É esse o método de conquistas territoriais apenas no passado longínquo?

A maioria ou, talvez, toda violência social é intimamente ligada à figura paterna, à imagem idealizada do pai primordial. Esse é o cerne da questão. Um desafio para o nosso trabalho e futuro, assim como de nossos filhos e netos, será desaprender a intolerância e aceitar a humanidade do diferente de nós e abdicar do prazer de matar e de fazer calar. 

Uma pergunta importante já que somos psicanalistas e não indivíduos cegos pelo ódio e desejos de vingança: O que será que levou a esse ato de extremo desespero por parte dos palestinos?

O início do caso atual em análise ocorreu em 1948 quando houve a primeira ação bélica contra uma aldeia de pastores palestino, Der Yassin, com a execução da maioria ou de todos os homens por parte de um comando israelense, tal como é documentado no filme de Neta Shosshani,, em que ela entrevista os já bem idosos, respeitáveis e amáveis senhores israelenses.

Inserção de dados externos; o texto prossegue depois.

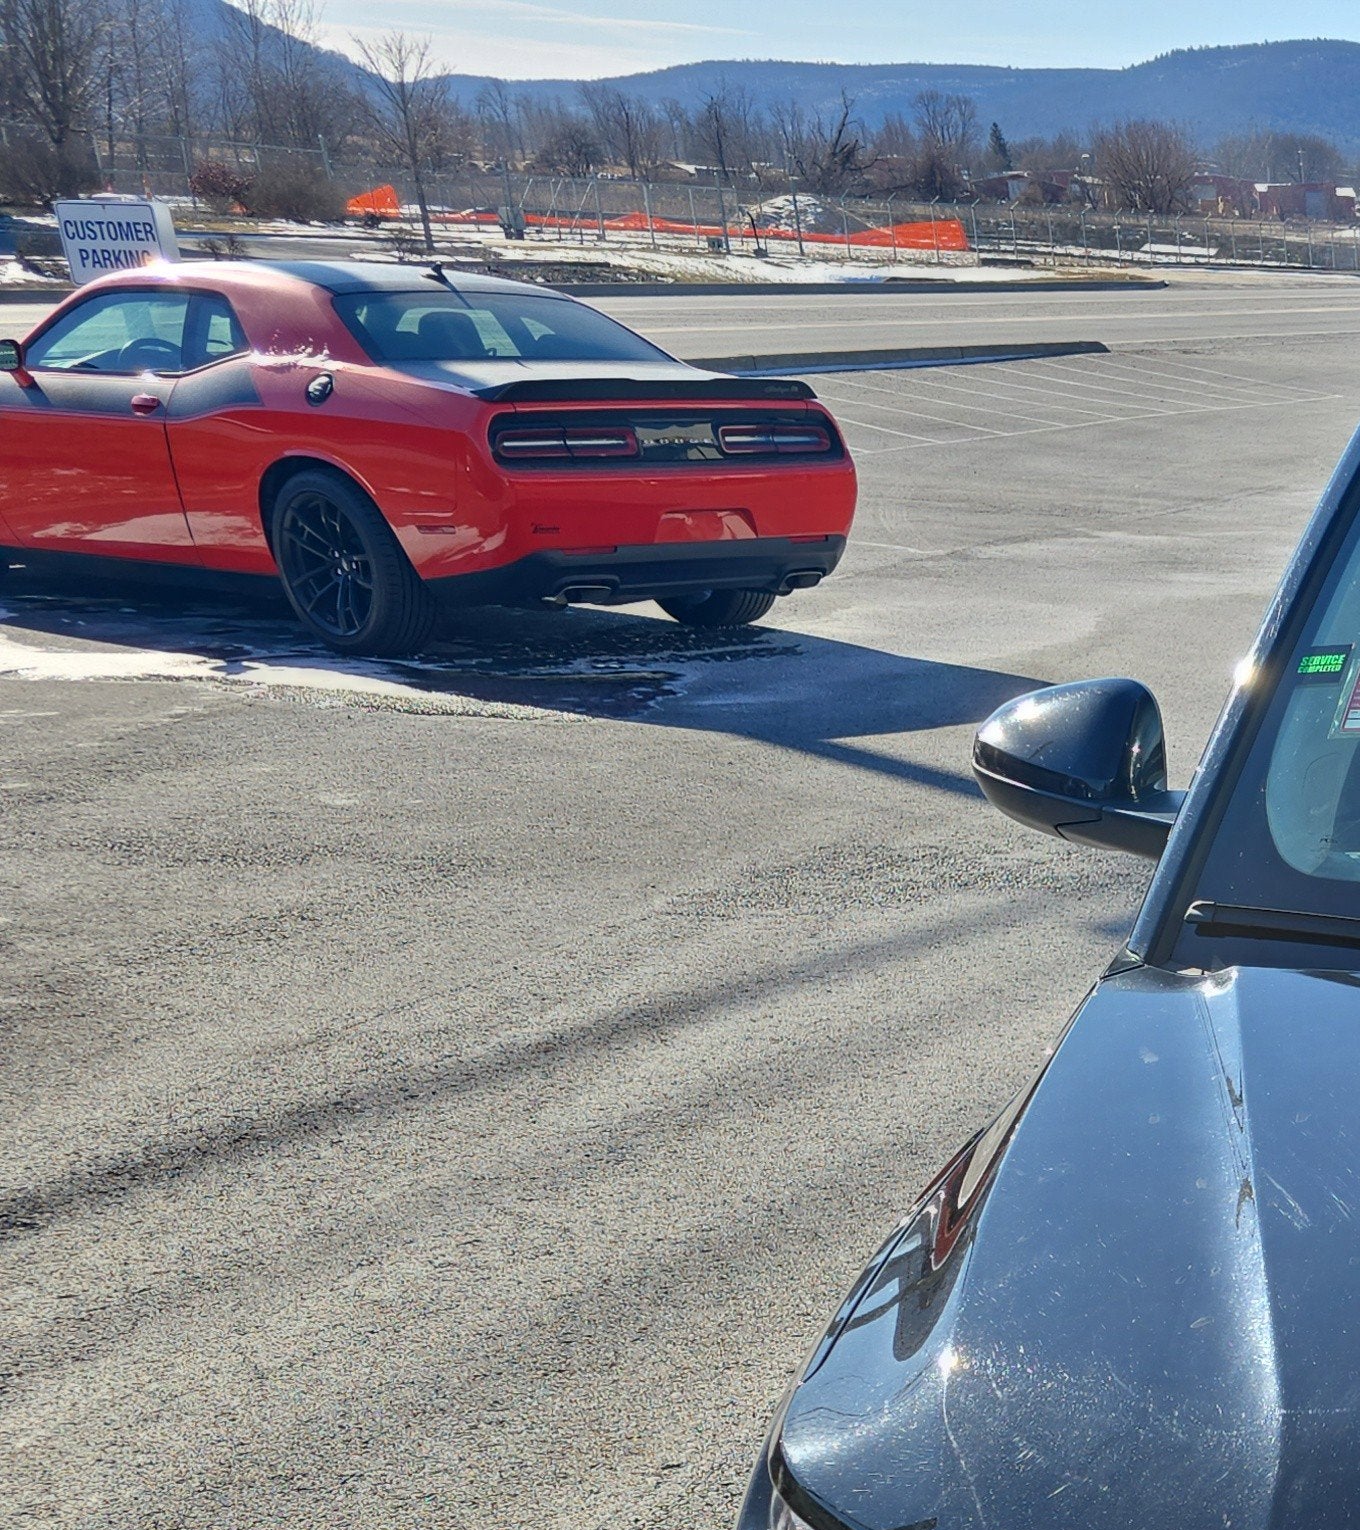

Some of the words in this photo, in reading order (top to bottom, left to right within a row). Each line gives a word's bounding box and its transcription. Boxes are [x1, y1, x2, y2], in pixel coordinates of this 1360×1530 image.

[63, 219, 157, 242] CUSTOMER
[1300, 654, 1346, 666] SERVICE
[1297, 664, 1342, 673] COMPLETED
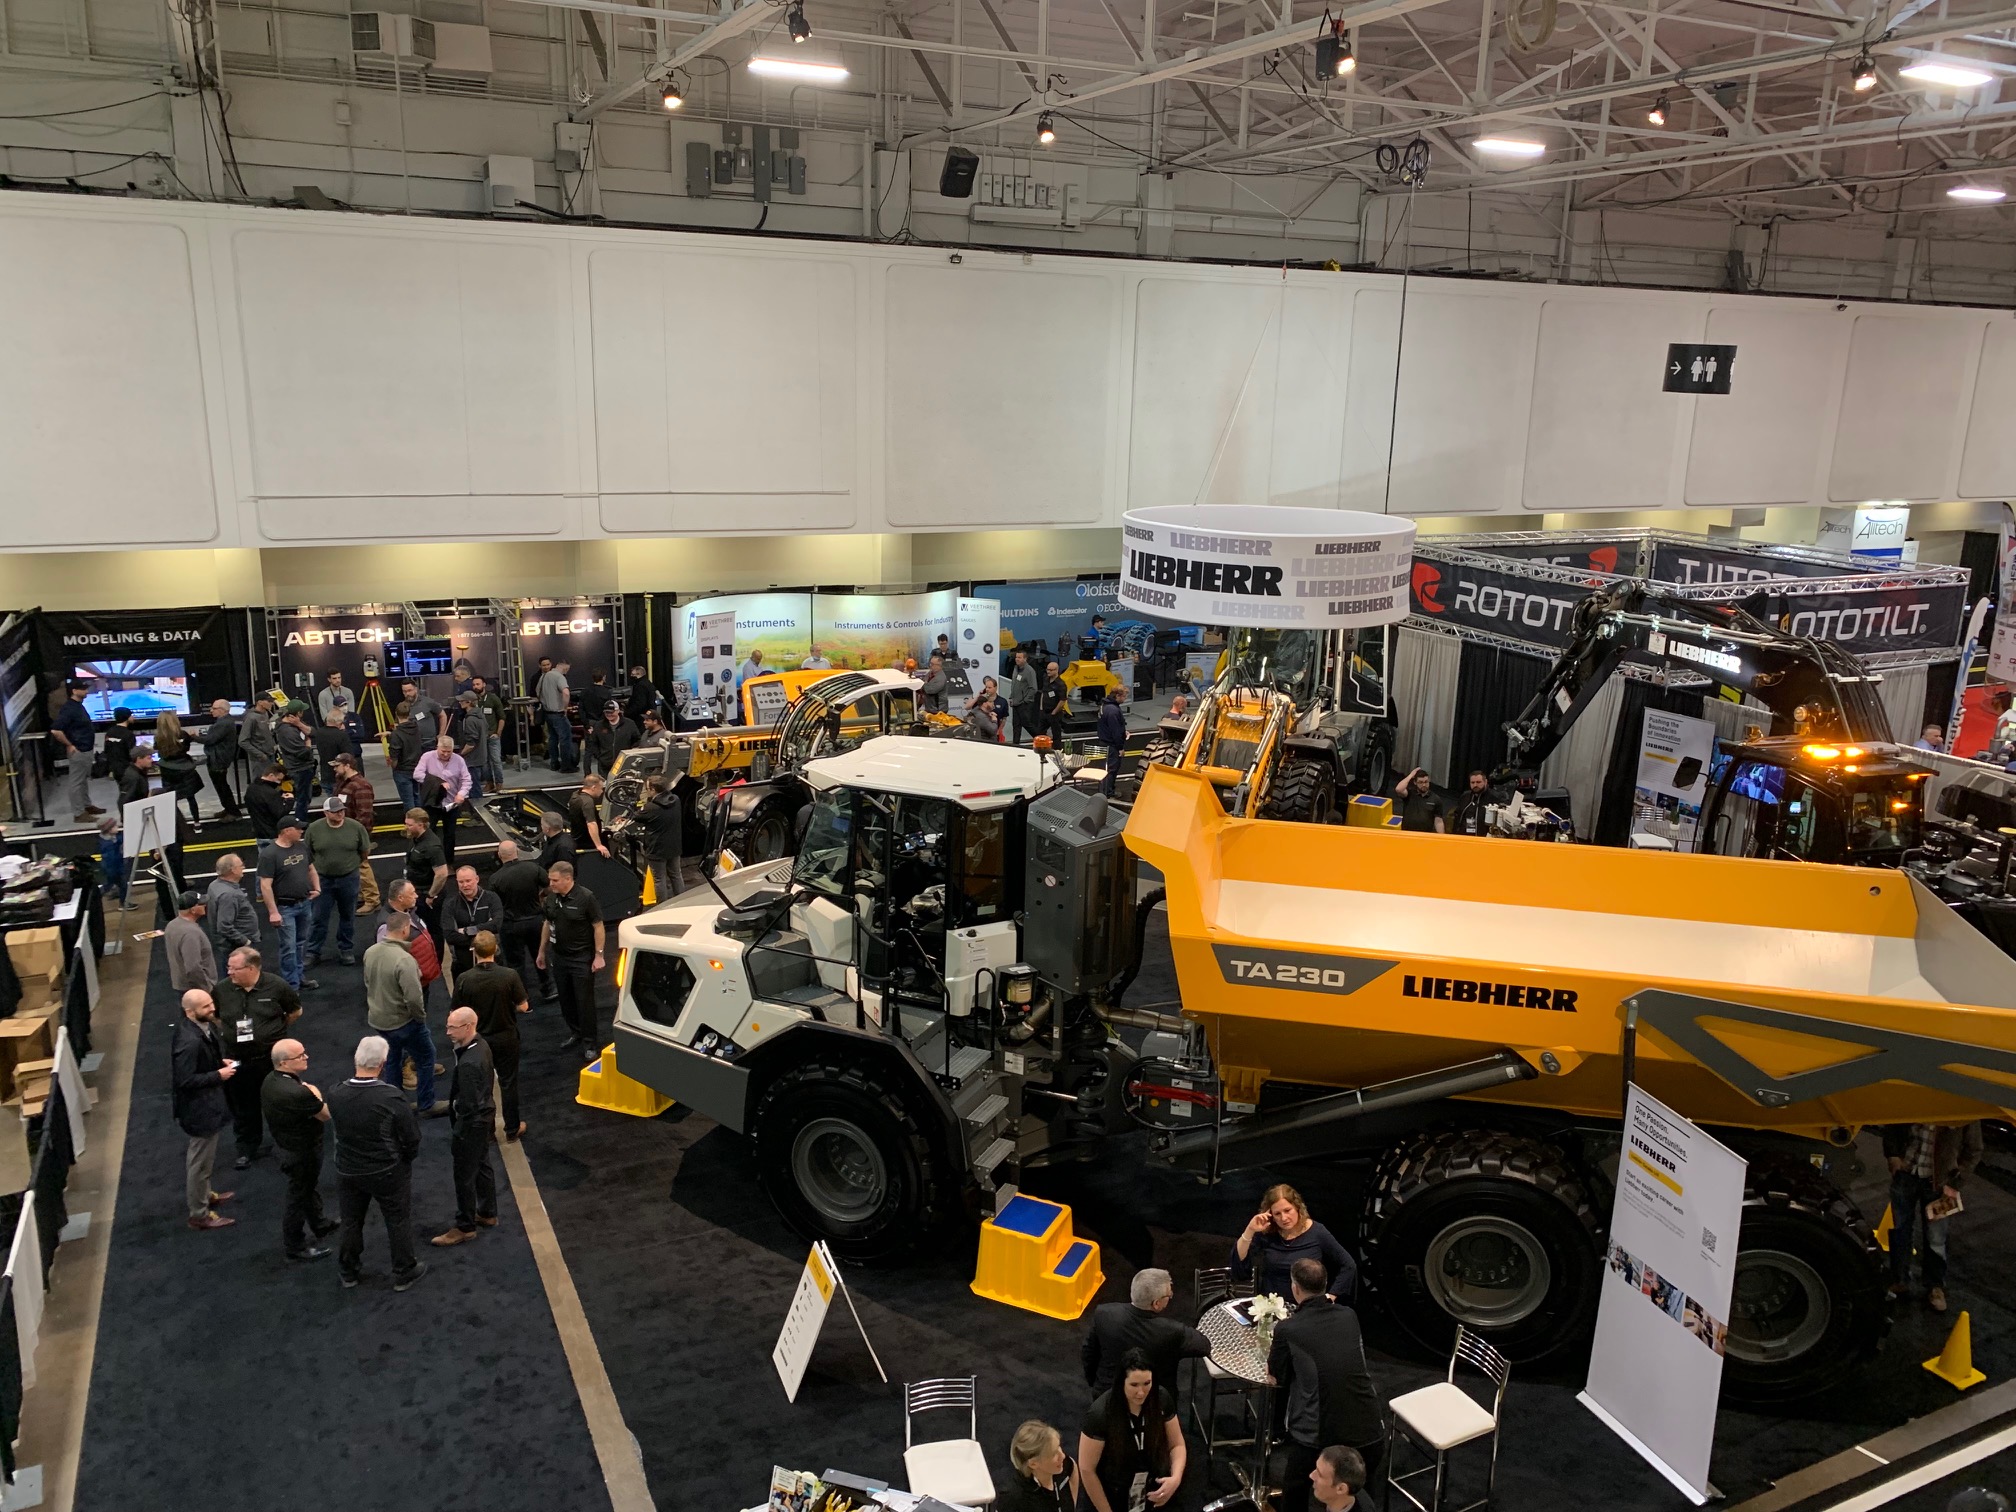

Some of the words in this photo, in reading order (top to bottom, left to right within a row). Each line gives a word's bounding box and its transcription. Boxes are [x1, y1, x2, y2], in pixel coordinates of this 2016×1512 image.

[1124, 524, 1154, 542] LIEBHERR
[1820, 521, 1851, 534] Alltech
[1856, 520, 1904, 539] Alltech
[1170, 531, 1273, 556] LIEBHERR
[1315, 540, 1382, 555] LIEBHERR
[1129, 549, 1284, 597] LIEBHERR
[1291, 553, 1396, 577] LIEBHERR
[1076, 581, 1120, 598] Olofsfo
[1121, 580, 1177, 610] LIEBHERR
[1296, 575, 1390, 598] LIEBHERR
[1056, 607, 1087, 616] Indexator
[1211, 601, 1305, 620] LIEBHERR
[1328, 595, 1394, 615] LIEBHERR
[1454, 580, 1574, 632] ROTOT
[736, 618, 796, 629] nstruments
[834, 621, 884, 630] Instruments
[885, 621, 892, 629] &
[893, 619, 924, 629] Controls
[924, 618, 933, 626] for
[934, 615, 954, 625] Industry
[1770, 603, 1929, 641] OTOTILT
[63, 632, 144, 646] MODELING
[148, 631, 159, 642] &
[163, 630, 201, 642] DATA
[284, 627, 395, 647] ABTECH
[1669, 640, 1742, 674] LIEBHERR
[1648, 723, 1677, 735] Boundaries
[1649, 716, 1669, 727] Pushing
[1671, 721, 1679, 729] the
[1645, 742, 1674, 753] LIEBHERR
[1402, 974, 1579, 1013] LIEBHERR
[1635, 1105, 1646, 1117] One
[1646, 1112, 1669, 1134] Passion.
[1634, 1115, 1649, 1131] Many
[1649, 1125, 1688, 1159] Opportunities.
[1630, 1134, 1677, 1174] LIEBHERR
[1626, 1169, 1636, 1179] Start
[1641, 1182, 1659, 1199] exciting
[1659, 1194, 1673, 1207] career

Um deles de 95 anos, tem aparecido na mídia em trajes de combate, exortando os jovens militares e o exército israelense a destruírem e matarem a todos em Gaza.(5)  

Vários episódios dessa natureza estão bem documentados e acessíveis aos interessados. Foi o período de conquista da terra prometida, a Palestina e a expulsão de suas terras dos  habitantes palestinos. Logo veio a guerra aberta e mais de 750.000 palestinos foram removidos para os campos de refugiados, que até hoje habitam em Gaza, sem poderem voltar às suas casas. Hoje, naturalmente são muito mais numerosos. O que se seguiu chegou ao que hoje testemunhamos.

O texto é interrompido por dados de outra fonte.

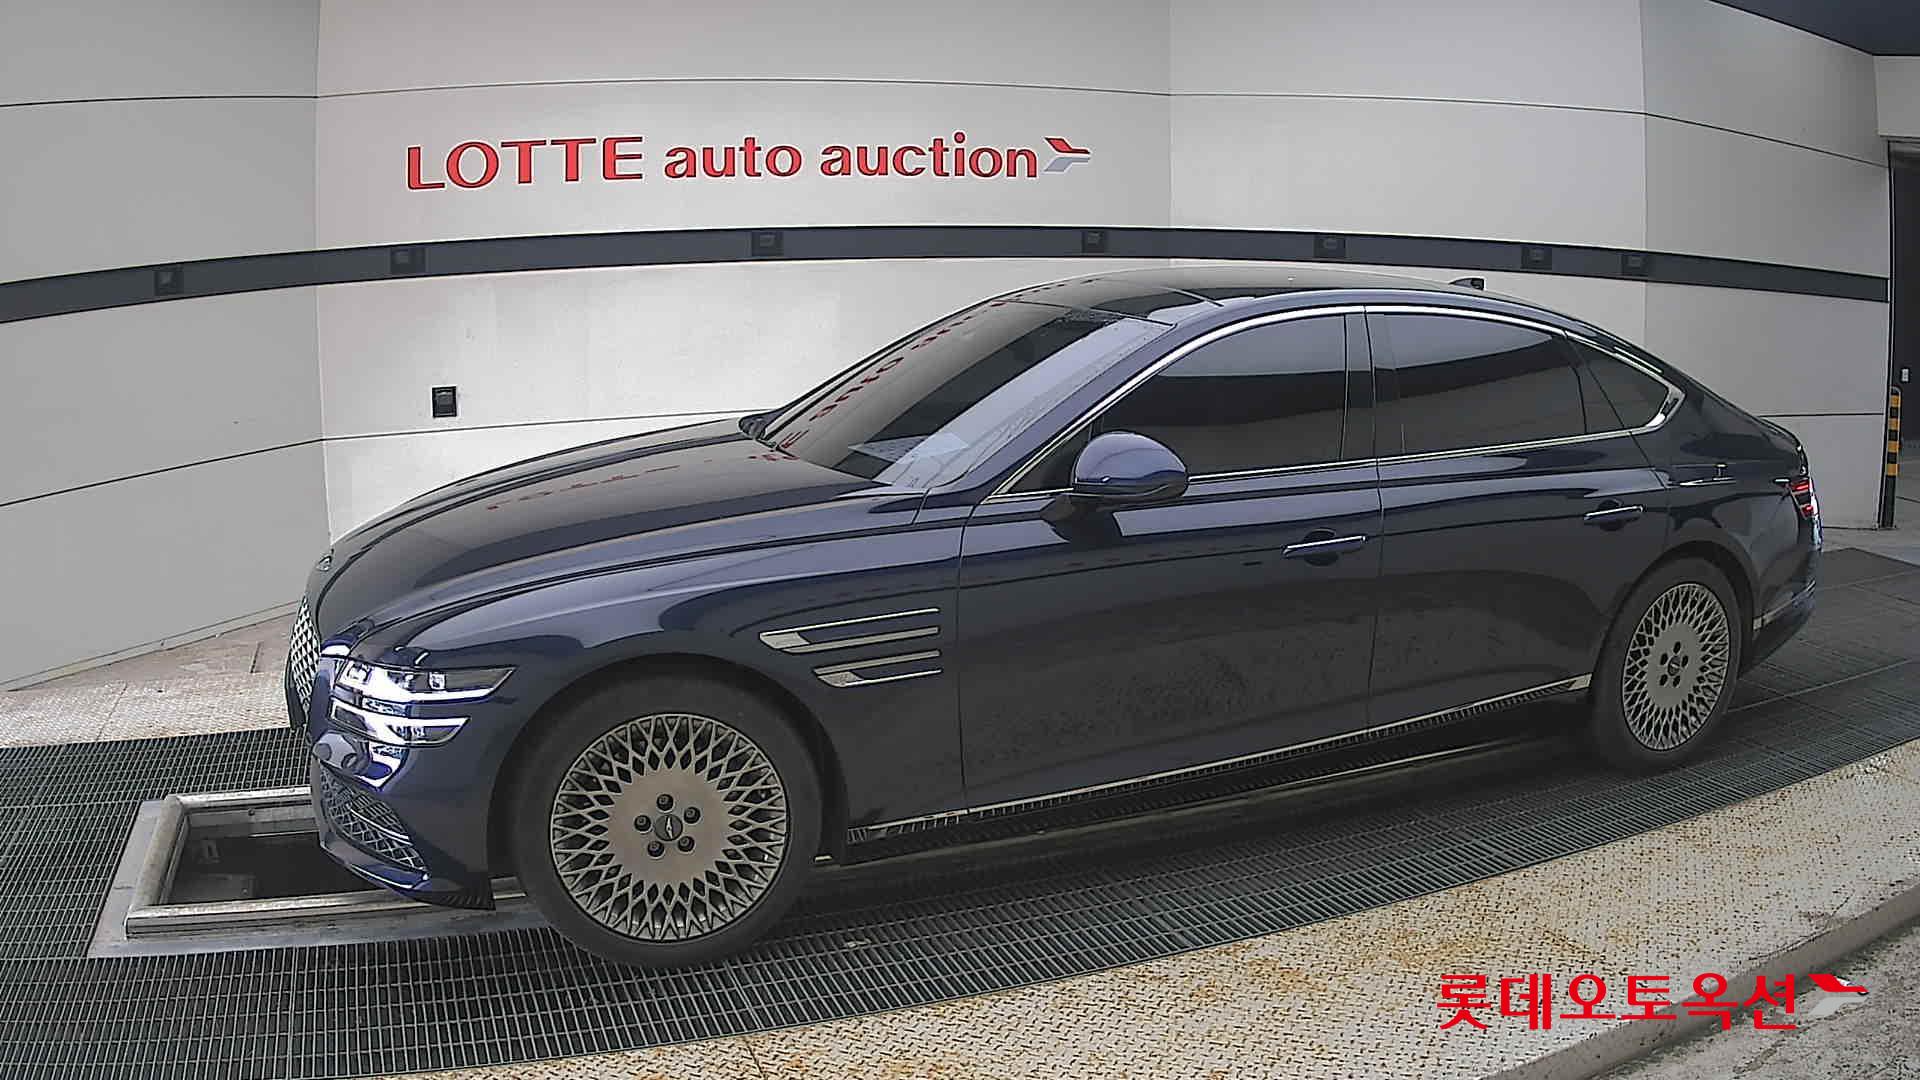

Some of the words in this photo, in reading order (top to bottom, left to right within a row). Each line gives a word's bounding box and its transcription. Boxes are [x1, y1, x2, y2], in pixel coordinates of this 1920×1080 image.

[406, 136, 643, 190] LOTTE
[664, 136, 802, 178] auto
[819, 132, 1038, 178] auction

Como que a situação de Gaza chegou a esse ponto?

Além do bloqueio desumano infligido a Gaza, a cidade já foi bombardeada inúmeras vezes nos últimos anos. Em 2021 a capa do Times expos as fotos de 60 crianças mortas pelos bombardeios de Israel: ninguém pareceu se importar muito, ou mesmo sequer tomar conhecimento. Gaza tornou-se como uma panela de pressão tampada: ninguém sai, fogo alto. Explodiu a tampa! Do inferno saíram os demônios! A morte convoca a morte num infindável ciclo crescente de prazer e dor! Deus o senhor dos exércitos! Matanças bíblicas: Gaza cidade anátema?

Seguem abaixo testemunhos importantes para informar nosso pensamento e futuros desenvolvimentos dessa tragédia anunciada: 

Moshe Dayan,em abril 1956 num funeral de um colono israelense que fora morto por um guerrilheiro palestino, assim se manifestou diante de seus comandados. “Que hoje não culpemos os assassinos. Como condenar o ódio terrível que sentem contra nós? Já faz oito anos que eles vivem em campos de refugiados em Gaza, de onde podem ver que nós, bem diante de seus olhos, transformamos no nosso lar as terras e os vilarejos deles, o lugar que pertenciam a seus antepassados  . . .”. (6)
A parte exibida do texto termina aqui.